Showing posts with label news. Show all posts
Showing posts with label news. Show all posts

Monday, February 23, 2026

The Brainwashing of my Dad

No, not my dad.

The Brainwashing of my Dad is the title of a 2016 documentary written and directed by Jen Senko. It explores the rise of right-wing media and the “hardening” of conservative opinion, starting with the John Birch Society to the Ronald Reagan administration to the rise of Rush Limbaugh and Fox News and up to the “present” at the time the film was made. Senko relates these broad topics through the lens of watching her own father gradually change from what she describes as a kind, generous, loving person into a much angrier, hostile person as he embraced Rush Limbaugh and Fox News in the 90s.

What was remarkable to me when I first saw it was that I remember a lot of that. I wasn’t nearly as engaged with news or politics then as I am now, but I remember listening to Rush in my dad’s car on the way to school in the mornings and deeply, deeply disliking the man. Even to my young self, he sounded like someone who got out of bed every morning and actively looked for something to be outraged about, and I found that repulsive. Why would anyone want to live like that? The adult me answers: because it makes money.

Fast forward a few years. By 1999, I was married and had my first child with a second on the way. (Yes, my first was born when I was 19 years old; that’s a subject for another time.) I was in college taking courses in (among other things) history and political science. I had also become a news junkie, and in an effort to be as objective as I could I flipped back and forth between the three major cable news channels at the time: CNN, MSNBC, and Fox News. Over the course of about a year, something became very clear to me: one of those channels consistently made me angrier than the other two, but for me it wasn’t because anyone told me to be outraged or angry or fed up with anything, it was because as I took more and more history and political science courses I recognized the flat-out lies coming from commentators on Fox News. I almost fell out of my chair a few times when I recognized complete fabrications presented as fact. That’s not to say I always agreed with commentators on CNN or MSNBC, but it was rare for me to hear anyone on those networks being just plain dishonest or deceitful. I couldn’t say the same thing about Fox.

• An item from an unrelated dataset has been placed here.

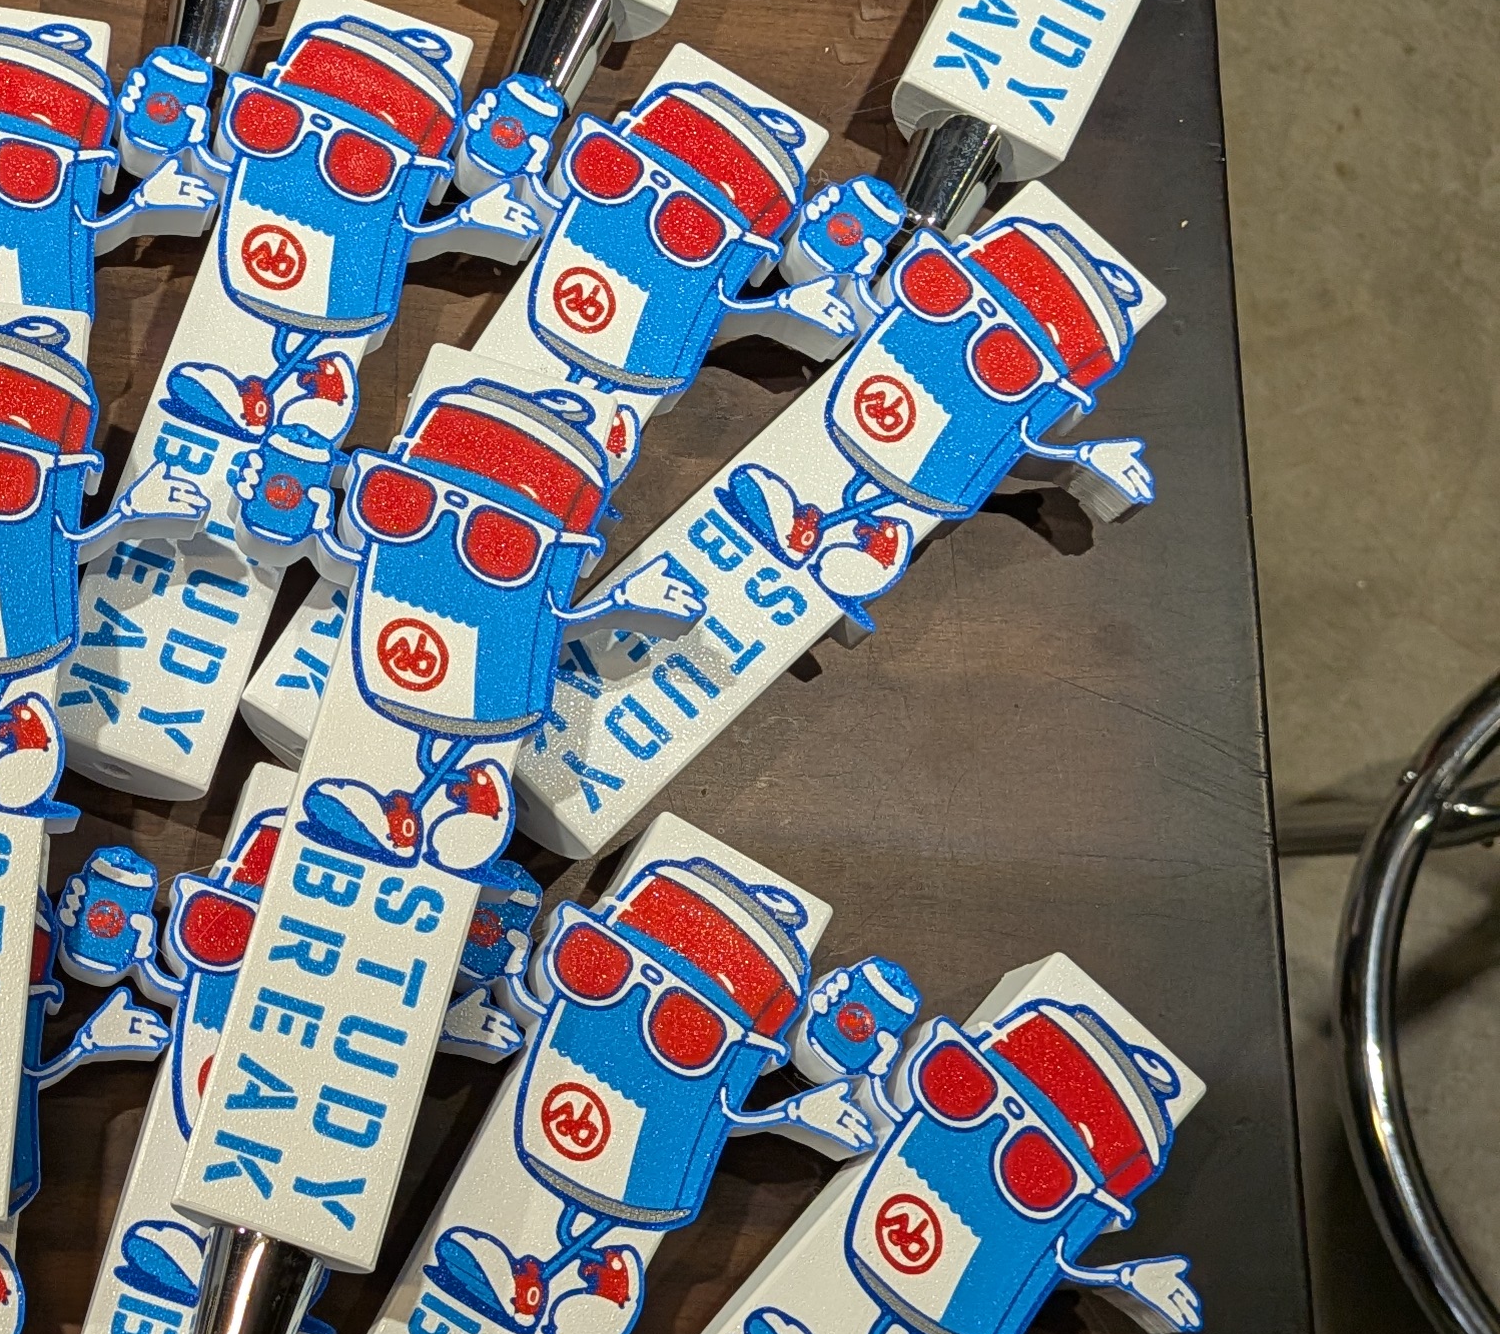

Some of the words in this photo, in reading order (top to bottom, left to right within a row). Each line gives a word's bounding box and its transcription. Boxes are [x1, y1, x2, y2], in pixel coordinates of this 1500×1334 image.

It was then that my now-ex-wife gave me possibly the only good piece of advice she ever did. “If it makes you so angry,” she asked, “why do you keep watching it?”

I didn’t know what to say. I didn’t have a good answer. I was trying so hard to be “objective” and “fair” and “balanced” that I was going to give myself a coronary. I had bought into the conservative argument that to find the truth I had to give both sides equal amounts of my attention, even if one side’s argument was patently ridiculous or unworthy of attention. The real truth is that if 1,400 scientists in a poll all agree that climate change is real and man-made, while only 4 disagree, I’m not actually obligated to give “both sides” equal space in my brain, particularly if the arguments put forth by the 4 sound incredibly ignorant. The real truth is that no one is entitled to my time or attention, and arguments to the effect that I’m obligated to listen to fools are predatory and manipulative.

Today, right-wing media is not only plentiful and pervasive, but it’s also highly profitable. As Senko points out, it taps into emotion rather than reason, outrage instead of rational thought. It’s an easy pill to swallow for many because it doesn’t require much effort: the media has explicitly done all the thinking for the viewer and provided an easy scapegoat in the process.

I’m grateful my dad never fully bought into Rush Limbaugh, and I’m grateful we can still have discussions on politics where we can find common ground. That’s not to say we agree on everything, but we do live in the same world of facts and reason. I know not everyone can say the same. Personally, I was never drawn into those emotional appeals, and any outrage I felt because of them was because of the deceit and dishonesty I saw in them, along with the blatant manipulation. I think there’s an argument to be made that I felt that way because two of the earliest influences I can remember in my life were Star Trek and comic book superheroes, neither of which are conservative concepts, but for whatever reason I count myself lucky that I escaped the rise of right-wing media with barely a scratch. Even more fortunately, all three of my kids did, too.